__WORK INSTRUCTION__: The goal here is an exact copy of the entries below, without their pictures.

RECORDED INFORMATION Start Marker

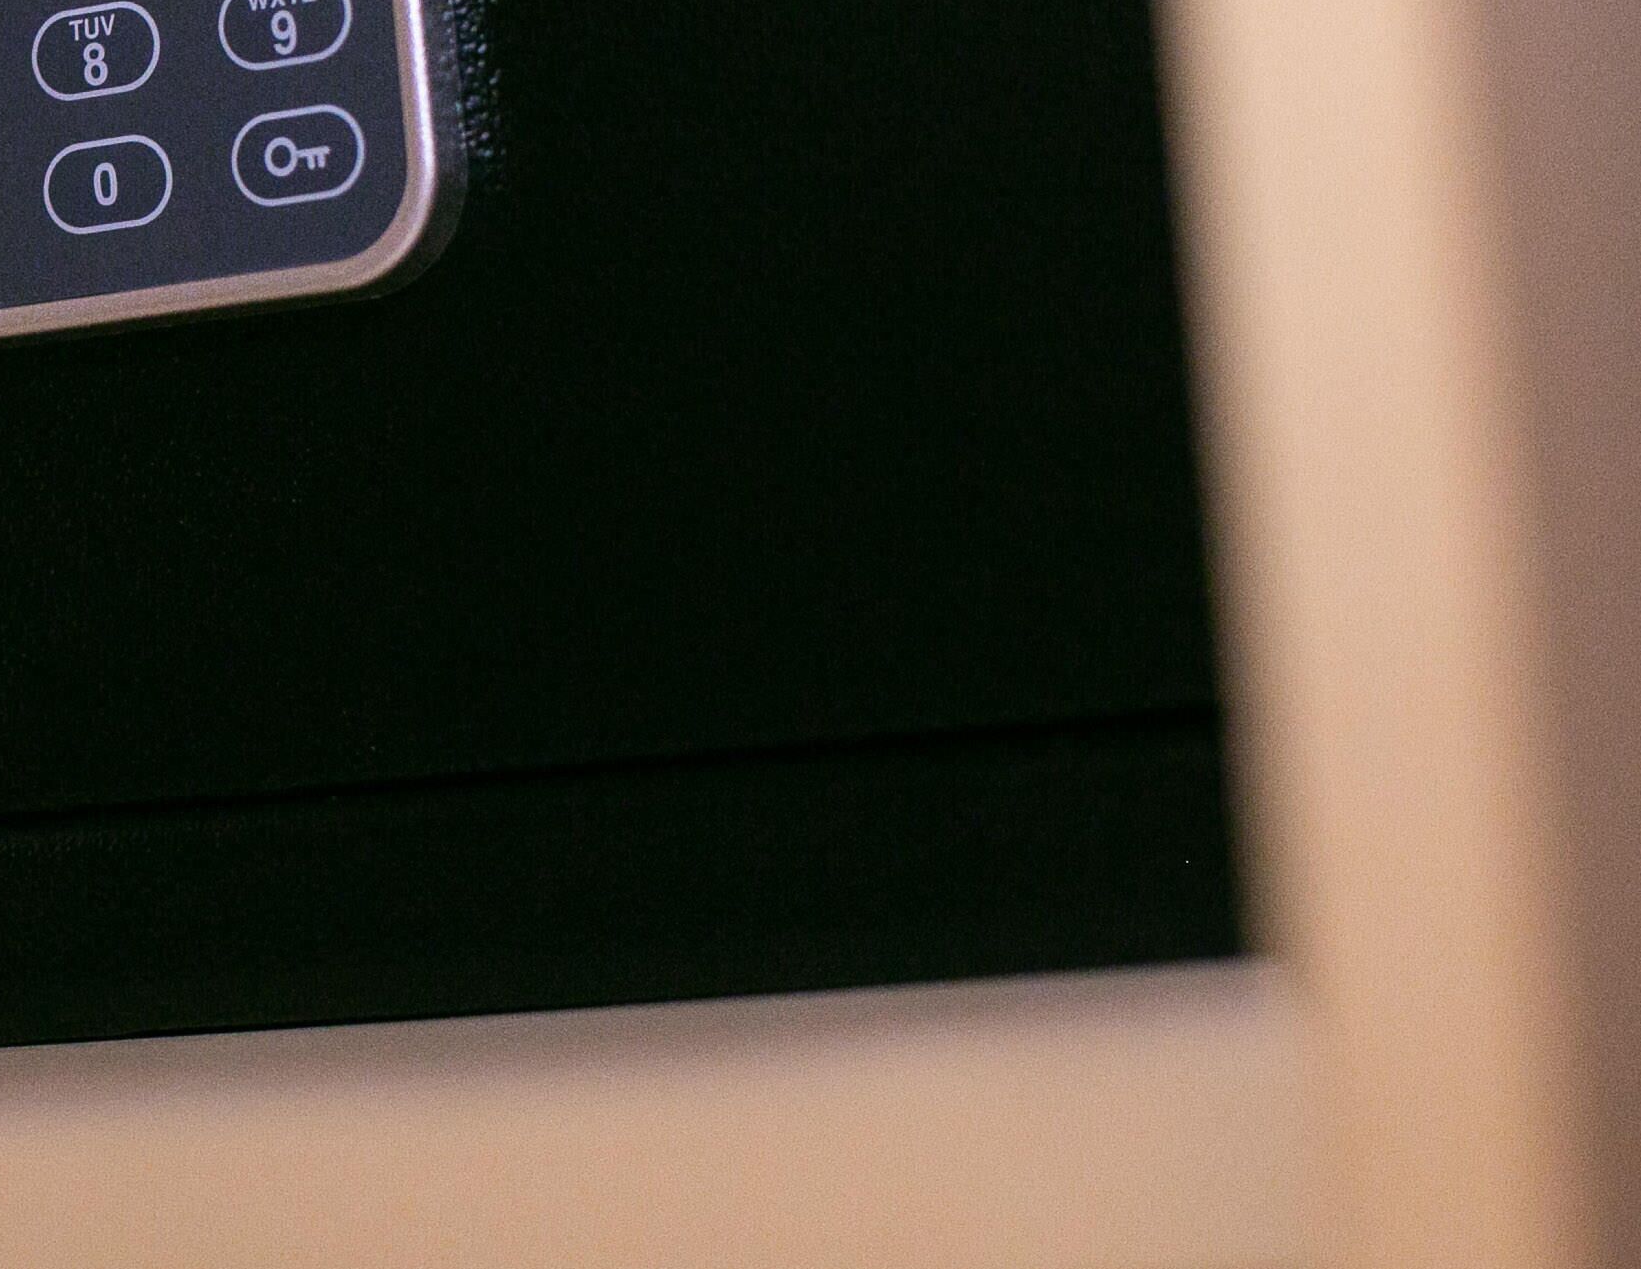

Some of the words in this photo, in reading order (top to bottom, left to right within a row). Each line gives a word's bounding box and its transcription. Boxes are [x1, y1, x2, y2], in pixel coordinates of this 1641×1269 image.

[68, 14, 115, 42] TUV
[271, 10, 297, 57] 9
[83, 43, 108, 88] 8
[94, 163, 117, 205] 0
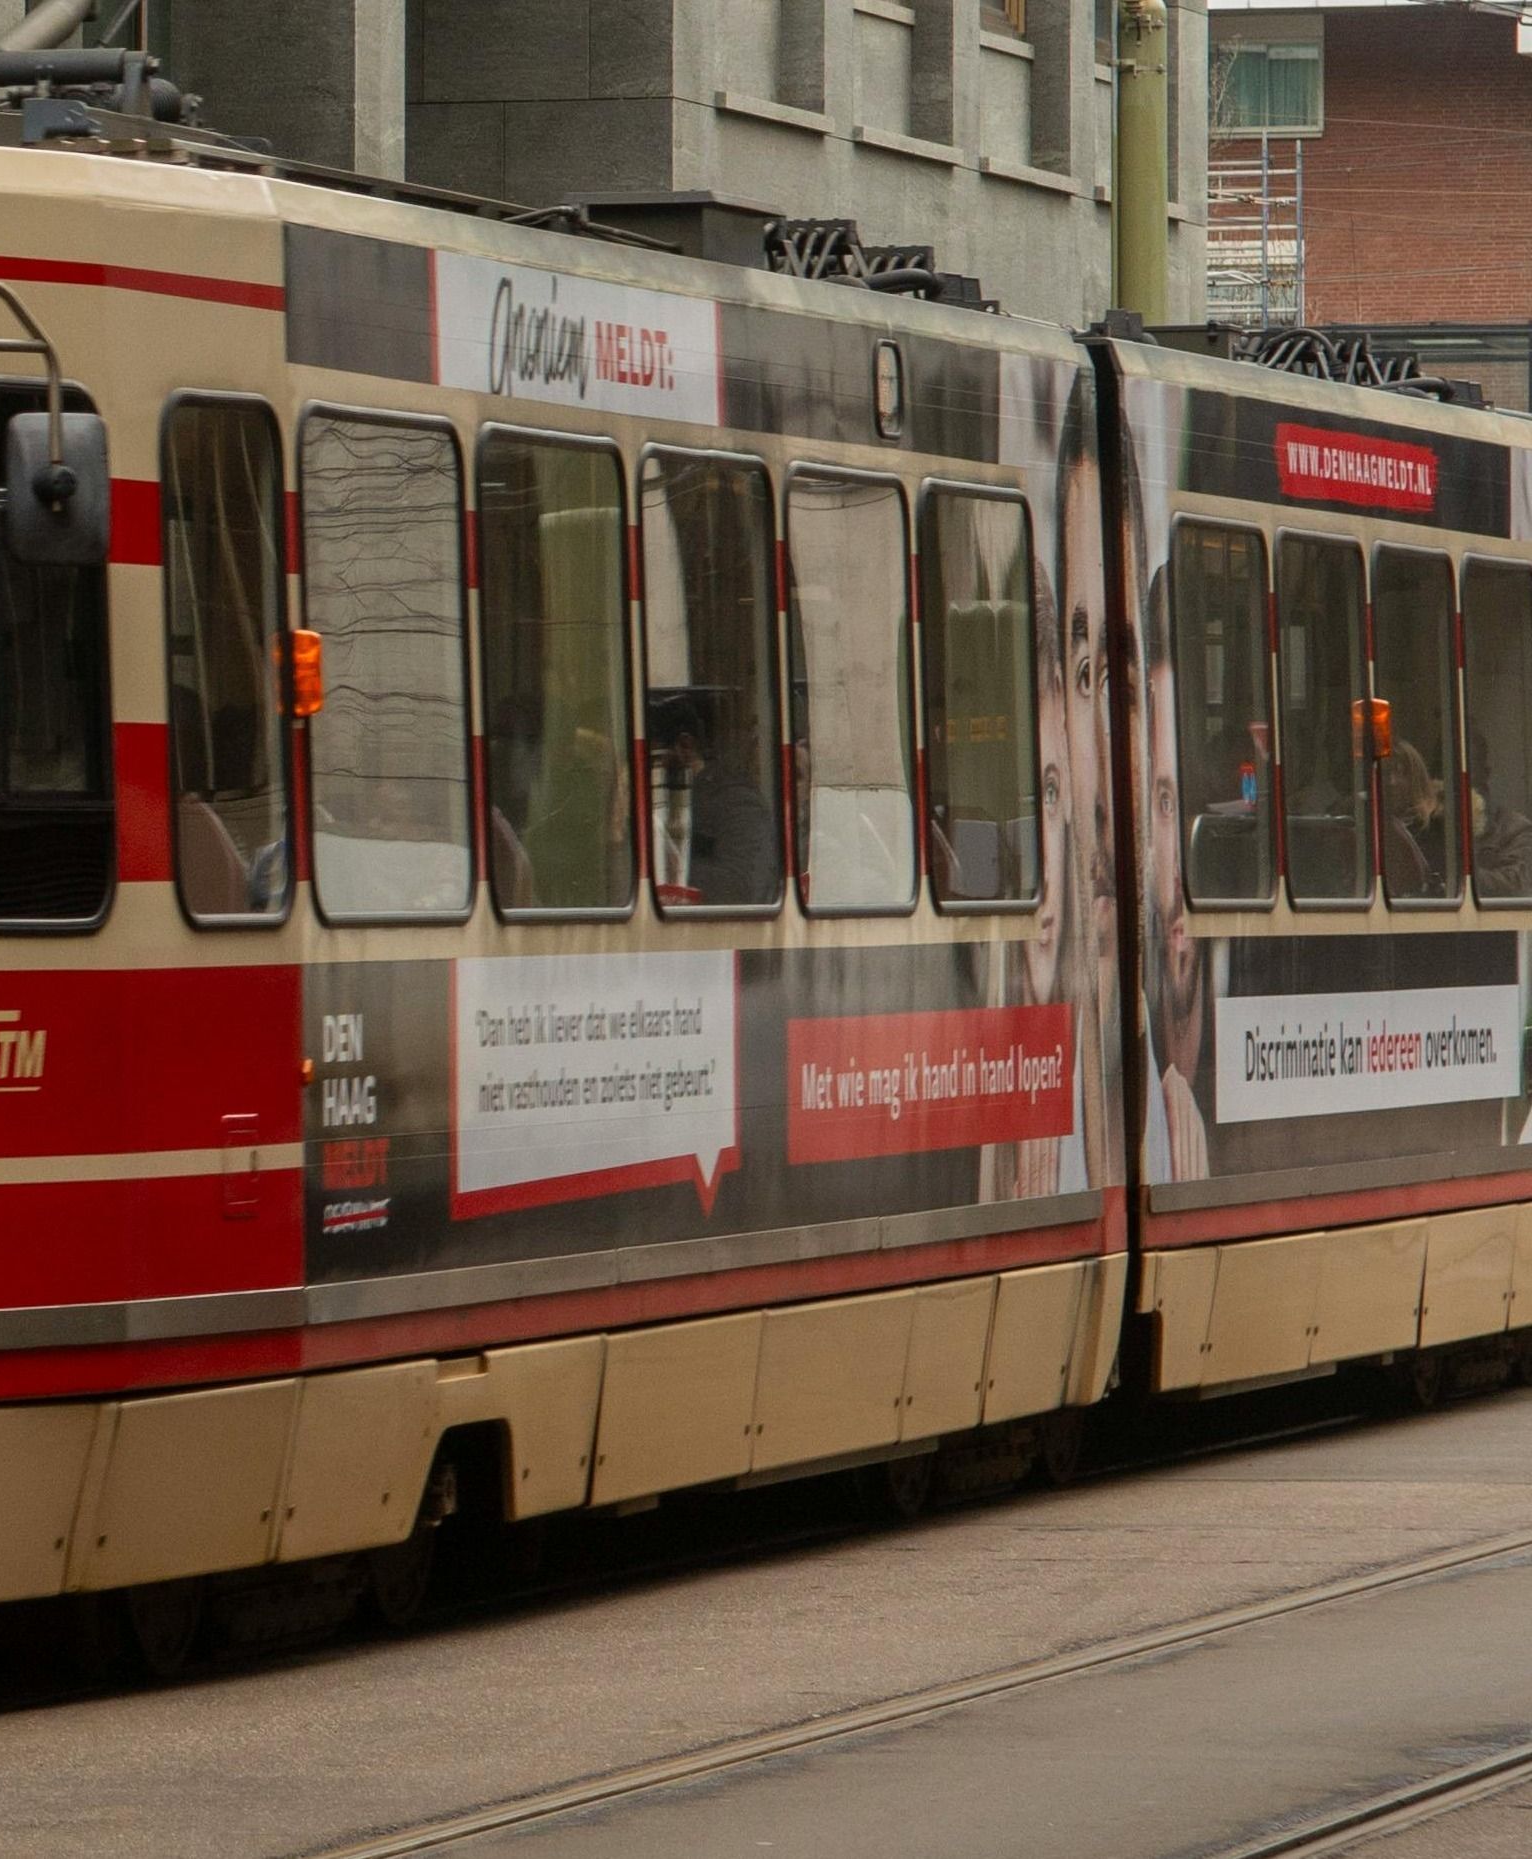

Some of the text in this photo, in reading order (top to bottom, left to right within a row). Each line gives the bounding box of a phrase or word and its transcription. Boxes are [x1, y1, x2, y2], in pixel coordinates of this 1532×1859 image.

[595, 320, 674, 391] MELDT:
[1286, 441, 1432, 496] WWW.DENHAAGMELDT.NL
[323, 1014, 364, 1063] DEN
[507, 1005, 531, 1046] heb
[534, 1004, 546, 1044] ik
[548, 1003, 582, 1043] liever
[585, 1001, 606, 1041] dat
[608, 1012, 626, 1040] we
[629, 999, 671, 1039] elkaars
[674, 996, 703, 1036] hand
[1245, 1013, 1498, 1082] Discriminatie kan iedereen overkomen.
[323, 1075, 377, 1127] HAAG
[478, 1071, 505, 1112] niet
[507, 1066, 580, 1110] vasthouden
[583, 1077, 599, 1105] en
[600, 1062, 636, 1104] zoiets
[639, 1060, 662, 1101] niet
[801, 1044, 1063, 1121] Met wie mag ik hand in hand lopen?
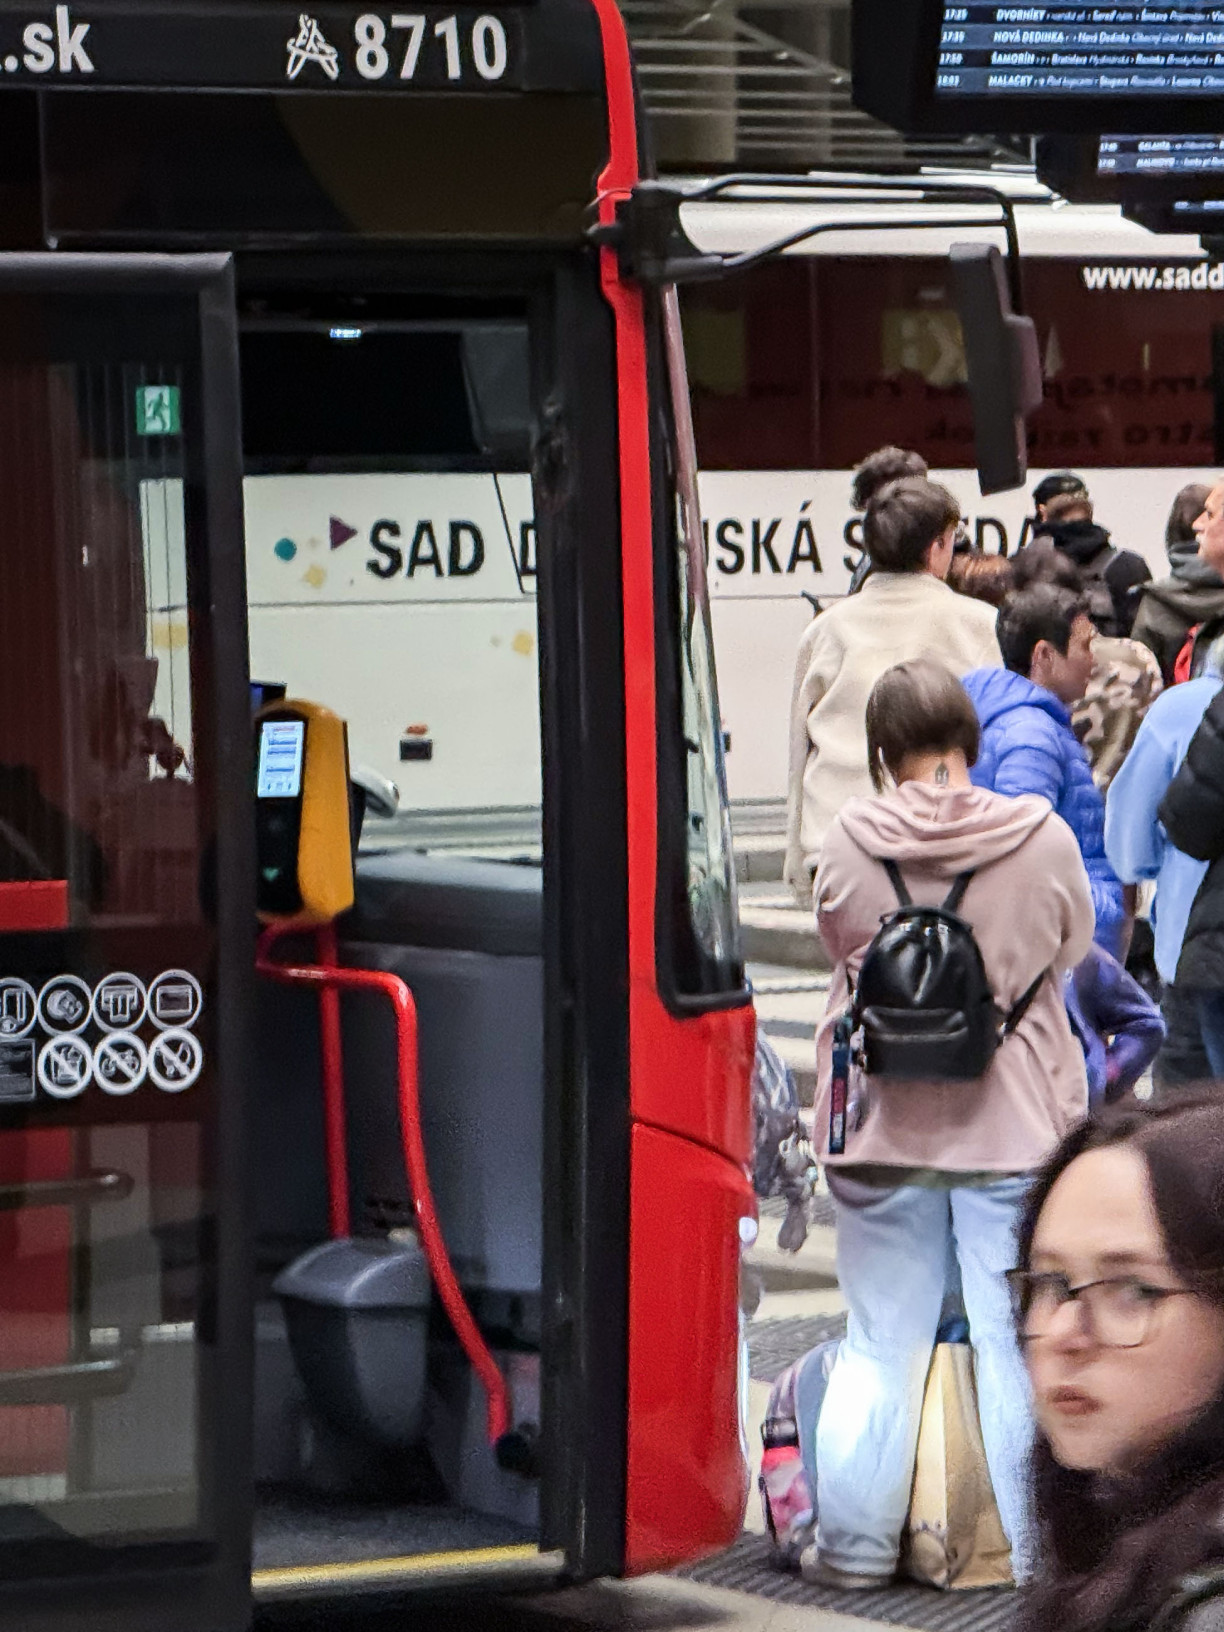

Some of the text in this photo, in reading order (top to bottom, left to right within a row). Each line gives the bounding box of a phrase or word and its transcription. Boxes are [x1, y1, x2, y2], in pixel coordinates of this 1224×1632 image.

RECORDED INFORMATION End Marker

__RESULT OF THE EXERCISE__:
Some of the words in this photo, in reading order (top to bottom, left to right within a row). Each line gives a word's bounding box and its transcription. Boxes are [x1, y1, x2, y2], in pixel coordinates of this 1641×1269 image.

[68, 14, 115, 42] TUV
[271, 10, 297, 57] 9
[83, 43, 108, 88] 8
[94, 163, 117, 205] 0

Some of the text in this photo, in reading order (top to bottom, left to right within a row). Each line gives the bounding box of a phrase or word and its transcription. Boxes are [x1, y1, x2, y2], in pixel coordinates of this 1532×1859 image.

[595, 320, 674, 391] MELDT:
[1286, 441, 1432, 496] WWW.DENHAAGMELDT.NL
[323, 1014, 364, 1063] DEN
[507, 1005, 531, 1046] heb
[534, 1004, 546, 1044] ik
[548, 1003, 582, 1043] liever
[585, 1001, 606, 1041] dat
[608, 1012, 626, 1040] we
[629, 999, 671, 1039] elkaars
[674, 996, 703, 1036] hand
[1245, 1013, 1498, 1082] Discriminatie kan iedereen overkomen.
[323, 1075, 377, 1127] HAAG
[478, 1071, 505, 1112] niet
[507, 1066, 580, 1110] vasthouden
[583, 1077, 599, 1105] en
[600, 1062, 636, 1104] zoiets
[639, 1060, 662, 1101] niet
[801, 1044, 1063, 1121] Met wie mag ik hand in hand lopen?

Some of the text in this photo, in reading order (top to bottom, left to right within a row). Each line gives the bounding box of a phrase or word and its transcription. Boxes are [x1, y1, x2, y2], in pixel coordinates of this 1224×1632 image.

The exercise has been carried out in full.